W3C home > Mailing lists > Public > public-html@w3.org > February 2010

Re: "image analysis heuristics" (ISSUE-66)

From: Ian Hickson <ian@hixie.ch>
Date: Sun, 7 Feb 2010 10:06:58 +0000 (UTC)
To: Steven Faulkner <faulkner.steve@gmail.com>
Cc: "public-html@w3.org" <public-html@w3.org>
Message-ID: <Pine.LNX.4.64.1002070940090.27152@ps20323.dreamhostps.com>
On Sun, 7 Feb 2010, Steven Faulkner wrote:
> As a general rule, people don't follow references.
> Can you provide support for this statement?

Sure. Over the years I've worked for Netscape and Opera, as well as 
contributing to the Mozilla, WebKit, and Chromium projects, and regularly 
advising Microsoft. In all of these cases, I have repeatedly seen 
competent engineers do the minimum amount of reading possible to implement 
the feature that they have been tasked to implement. Again in all cases, I 
have found them to implement things better when they are faced with clear 
unambiguous steps to implement, rather than when they are presented with 
constraints; and (more germane here) I've found them to treat suggestions 
inlined in a document with a _lot_ more weight than suggestions found in 
documents referenced from the document they are reading.

I intend to make no value judgements here, I'm merely describing what I've 
found to be true, repeatedly, over the years.

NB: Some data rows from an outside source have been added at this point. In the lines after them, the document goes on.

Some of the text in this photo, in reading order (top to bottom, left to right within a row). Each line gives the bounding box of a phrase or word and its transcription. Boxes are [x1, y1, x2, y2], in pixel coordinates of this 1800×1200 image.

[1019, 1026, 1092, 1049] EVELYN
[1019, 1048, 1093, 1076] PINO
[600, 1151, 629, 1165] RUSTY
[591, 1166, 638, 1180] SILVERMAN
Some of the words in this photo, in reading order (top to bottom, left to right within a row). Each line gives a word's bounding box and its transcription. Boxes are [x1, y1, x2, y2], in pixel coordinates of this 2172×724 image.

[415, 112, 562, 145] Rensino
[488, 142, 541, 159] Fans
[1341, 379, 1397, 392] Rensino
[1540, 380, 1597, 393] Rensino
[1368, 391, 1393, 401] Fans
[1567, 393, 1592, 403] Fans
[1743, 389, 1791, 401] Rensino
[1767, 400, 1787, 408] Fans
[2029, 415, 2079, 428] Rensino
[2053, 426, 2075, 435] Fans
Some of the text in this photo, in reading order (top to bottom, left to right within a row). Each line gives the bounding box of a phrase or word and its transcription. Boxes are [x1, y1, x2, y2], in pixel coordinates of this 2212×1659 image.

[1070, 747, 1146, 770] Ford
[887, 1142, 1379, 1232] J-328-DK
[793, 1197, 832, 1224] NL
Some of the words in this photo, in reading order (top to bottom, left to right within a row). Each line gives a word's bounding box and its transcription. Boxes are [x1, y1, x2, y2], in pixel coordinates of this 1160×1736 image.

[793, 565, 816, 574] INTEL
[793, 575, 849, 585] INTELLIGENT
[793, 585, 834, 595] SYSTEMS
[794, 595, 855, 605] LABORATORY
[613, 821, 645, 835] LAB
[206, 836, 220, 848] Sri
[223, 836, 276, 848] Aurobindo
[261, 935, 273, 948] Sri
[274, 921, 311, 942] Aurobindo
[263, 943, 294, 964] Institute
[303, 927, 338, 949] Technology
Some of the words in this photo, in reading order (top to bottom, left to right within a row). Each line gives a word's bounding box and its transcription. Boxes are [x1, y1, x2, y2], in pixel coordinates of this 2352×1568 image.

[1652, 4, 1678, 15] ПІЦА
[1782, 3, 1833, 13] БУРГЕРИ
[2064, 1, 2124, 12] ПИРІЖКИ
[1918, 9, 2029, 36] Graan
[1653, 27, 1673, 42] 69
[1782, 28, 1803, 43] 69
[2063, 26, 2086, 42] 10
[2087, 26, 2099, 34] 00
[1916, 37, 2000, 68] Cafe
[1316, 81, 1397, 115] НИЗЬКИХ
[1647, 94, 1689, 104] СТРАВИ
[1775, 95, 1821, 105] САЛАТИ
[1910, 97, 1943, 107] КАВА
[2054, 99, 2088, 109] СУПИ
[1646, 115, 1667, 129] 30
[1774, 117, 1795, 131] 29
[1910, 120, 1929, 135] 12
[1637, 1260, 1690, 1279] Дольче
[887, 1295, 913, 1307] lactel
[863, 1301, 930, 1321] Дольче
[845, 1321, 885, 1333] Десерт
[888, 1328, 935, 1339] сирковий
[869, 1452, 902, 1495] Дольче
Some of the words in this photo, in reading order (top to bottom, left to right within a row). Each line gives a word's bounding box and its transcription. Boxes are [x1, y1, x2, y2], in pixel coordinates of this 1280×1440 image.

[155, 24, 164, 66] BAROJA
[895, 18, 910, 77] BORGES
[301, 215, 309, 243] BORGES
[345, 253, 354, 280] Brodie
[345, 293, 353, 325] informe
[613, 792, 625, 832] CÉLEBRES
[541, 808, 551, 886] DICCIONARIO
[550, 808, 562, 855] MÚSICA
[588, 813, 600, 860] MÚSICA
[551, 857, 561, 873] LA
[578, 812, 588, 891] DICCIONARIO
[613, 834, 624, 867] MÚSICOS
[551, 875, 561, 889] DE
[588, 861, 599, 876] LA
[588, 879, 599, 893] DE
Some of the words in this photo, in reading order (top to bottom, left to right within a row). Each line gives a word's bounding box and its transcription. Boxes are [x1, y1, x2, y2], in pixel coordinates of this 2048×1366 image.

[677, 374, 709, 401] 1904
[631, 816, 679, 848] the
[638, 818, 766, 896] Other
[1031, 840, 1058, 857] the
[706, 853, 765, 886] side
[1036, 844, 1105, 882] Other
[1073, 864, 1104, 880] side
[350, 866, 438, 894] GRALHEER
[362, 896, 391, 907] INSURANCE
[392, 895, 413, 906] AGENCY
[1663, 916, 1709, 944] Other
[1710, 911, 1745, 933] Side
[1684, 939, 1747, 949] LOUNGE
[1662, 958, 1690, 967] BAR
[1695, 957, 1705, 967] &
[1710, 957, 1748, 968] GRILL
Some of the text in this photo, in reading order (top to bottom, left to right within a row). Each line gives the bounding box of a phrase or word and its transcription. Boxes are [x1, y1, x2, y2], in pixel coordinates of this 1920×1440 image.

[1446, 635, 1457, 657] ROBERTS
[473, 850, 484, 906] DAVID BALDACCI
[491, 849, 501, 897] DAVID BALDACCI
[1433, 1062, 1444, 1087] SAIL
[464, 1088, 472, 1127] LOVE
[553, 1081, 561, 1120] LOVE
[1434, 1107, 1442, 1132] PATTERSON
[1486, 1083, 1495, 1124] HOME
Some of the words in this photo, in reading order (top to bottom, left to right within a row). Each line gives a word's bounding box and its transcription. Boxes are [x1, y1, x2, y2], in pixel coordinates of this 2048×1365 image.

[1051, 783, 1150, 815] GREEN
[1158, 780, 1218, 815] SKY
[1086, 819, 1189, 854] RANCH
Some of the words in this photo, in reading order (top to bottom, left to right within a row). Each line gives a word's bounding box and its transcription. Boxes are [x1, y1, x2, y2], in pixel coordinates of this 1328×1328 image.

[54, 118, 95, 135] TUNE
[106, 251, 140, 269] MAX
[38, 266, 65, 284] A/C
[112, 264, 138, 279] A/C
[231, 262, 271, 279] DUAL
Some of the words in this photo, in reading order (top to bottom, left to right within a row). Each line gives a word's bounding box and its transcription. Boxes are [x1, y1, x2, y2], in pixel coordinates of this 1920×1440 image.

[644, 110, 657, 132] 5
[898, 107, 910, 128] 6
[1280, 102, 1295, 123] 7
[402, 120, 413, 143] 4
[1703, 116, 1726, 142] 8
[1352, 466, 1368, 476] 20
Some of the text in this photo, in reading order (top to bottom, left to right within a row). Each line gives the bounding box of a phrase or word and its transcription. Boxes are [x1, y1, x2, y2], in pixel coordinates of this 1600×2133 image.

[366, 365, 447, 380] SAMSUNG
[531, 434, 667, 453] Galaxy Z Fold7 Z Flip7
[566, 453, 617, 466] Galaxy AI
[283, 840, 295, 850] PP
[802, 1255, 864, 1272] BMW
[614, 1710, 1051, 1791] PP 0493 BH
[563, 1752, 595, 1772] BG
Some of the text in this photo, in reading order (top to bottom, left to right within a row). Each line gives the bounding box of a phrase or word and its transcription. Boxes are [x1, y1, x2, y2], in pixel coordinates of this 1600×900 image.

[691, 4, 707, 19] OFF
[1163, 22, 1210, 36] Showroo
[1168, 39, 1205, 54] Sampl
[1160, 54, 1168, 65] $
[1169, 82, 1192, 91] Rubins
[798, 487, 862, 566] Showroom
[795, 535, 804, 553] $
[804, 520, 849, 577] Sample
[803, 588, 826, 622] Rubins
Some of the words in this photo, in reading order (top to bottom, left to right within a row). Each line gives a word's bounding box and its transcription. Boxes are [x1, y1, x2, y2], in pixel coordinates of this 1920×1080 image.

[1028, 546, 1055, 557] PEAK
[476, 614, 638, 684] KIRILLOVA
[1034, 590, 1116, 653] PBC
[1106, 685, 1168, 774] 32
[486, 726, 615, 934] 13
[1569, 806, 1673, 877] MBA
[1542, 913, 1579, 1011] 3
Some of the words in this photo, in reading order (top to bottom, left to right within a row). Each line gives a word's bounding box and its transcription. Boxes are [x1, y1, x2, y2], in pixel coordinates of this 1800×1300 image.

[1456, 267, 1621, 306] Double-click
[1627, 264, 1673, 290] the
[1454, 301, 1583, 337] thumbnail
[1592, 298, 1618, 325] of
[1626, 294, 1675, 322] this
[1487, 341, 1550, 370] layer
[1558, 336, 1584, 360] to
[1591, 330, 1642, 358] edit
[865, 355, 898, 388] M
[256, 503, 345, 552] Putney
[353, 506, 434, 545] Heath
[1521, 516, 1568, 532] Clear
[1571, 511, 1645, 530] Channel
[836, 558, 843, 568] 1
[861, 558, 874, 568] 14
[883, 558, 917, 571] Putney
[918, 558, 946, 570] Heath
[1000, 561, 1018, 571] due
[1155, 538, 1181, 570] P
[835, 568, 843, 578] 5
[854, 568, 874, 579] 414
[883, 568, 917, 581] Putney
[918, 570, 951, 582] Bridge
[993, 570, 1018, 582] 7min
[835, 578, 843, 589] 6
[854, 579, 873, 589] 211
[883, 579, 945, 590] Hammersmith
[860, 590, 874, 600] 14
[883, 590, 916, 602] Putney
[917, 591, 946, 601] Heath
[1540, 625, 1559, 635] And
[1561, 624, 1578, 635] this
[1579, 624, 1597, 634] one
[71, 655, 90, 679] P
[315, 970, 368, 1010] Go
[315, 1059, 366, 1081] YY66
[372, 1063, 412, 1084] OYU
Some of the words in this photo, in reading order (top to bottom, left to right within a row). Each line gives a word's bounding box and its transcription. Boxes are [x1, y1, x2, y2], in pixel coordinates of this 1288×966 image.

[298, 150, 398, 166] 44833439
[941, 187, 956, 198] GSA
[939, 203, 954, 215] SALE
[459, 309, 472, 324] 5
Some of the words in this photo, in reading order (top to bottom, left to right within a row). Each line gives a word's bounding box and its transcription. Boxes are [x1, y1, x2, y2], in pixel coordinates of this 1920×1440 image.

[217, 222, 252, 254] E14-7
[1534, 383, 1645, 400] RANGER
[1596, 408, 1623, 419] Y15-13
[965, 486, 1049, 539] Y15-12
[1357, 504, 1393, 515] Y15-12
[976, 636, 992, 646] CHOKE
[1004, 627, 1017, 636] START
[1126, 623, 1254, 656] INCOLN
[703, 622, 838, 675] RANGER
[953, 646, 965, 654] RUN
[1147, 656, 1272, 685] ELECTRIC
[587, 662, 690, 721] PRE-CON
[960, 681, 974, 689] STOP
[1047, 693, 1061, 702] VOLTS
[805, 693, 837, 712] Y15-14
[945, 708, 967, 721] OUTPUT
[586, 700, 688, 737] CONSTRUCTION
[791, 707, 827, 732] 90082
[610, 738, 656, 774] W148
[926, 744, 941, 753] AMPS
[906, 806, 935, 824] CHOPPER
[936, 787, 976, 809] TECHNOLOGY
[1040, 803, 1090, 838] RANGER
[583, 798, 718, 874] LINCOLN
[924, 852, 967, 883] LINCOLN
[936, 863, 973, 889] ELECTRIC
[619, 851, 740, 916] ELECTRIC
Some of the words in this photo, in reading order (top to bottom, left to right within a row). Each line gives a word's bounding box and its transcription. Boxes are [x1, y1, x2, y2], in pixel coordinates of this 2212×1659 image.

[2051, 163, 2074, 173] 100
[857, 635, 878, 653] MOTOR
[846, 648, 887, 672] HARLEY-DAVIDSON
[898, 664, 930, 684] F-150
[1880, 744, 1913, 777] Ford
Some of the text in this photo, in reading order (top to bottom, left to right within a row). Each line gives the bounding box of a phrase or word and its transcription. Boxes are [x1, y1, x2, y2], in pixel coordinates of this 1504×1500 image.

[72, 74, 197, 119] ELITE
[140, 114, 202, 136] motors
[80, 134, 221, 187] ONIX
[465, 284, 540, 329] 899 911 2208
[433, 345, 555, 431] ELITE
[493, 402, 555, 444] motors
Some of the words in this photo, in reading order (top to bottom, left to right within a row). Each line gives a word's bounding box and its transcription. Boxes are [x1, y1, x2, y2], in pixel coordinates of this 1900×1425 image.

I have no data to support this, and would in no way suggest that my 
experience is The Truth, or try to enforce my conclusions on other 
editors. However, I _do_ intend to take the above into account when 
writing the specs that I edit; I consider maximising the extent to which 
the document is an effective tool for getting quality implementations to 
be part of the responsibility of writing a spec.

> it would seem to me that a link to a reference is like the many 
> thousands of links that the spec already contains, it may be that the 
> phrasing of the link text can affect the likelyhood of a person to 
> follow the link.

As far as I am aware, the only links from the WHATWG complete.html spec to 
other specs are links to specs that are required to be implemented because 
they form the substrate on which HTML and its APIs are built, such that 
the implementors _cannot_ skip them even if they are tempted to.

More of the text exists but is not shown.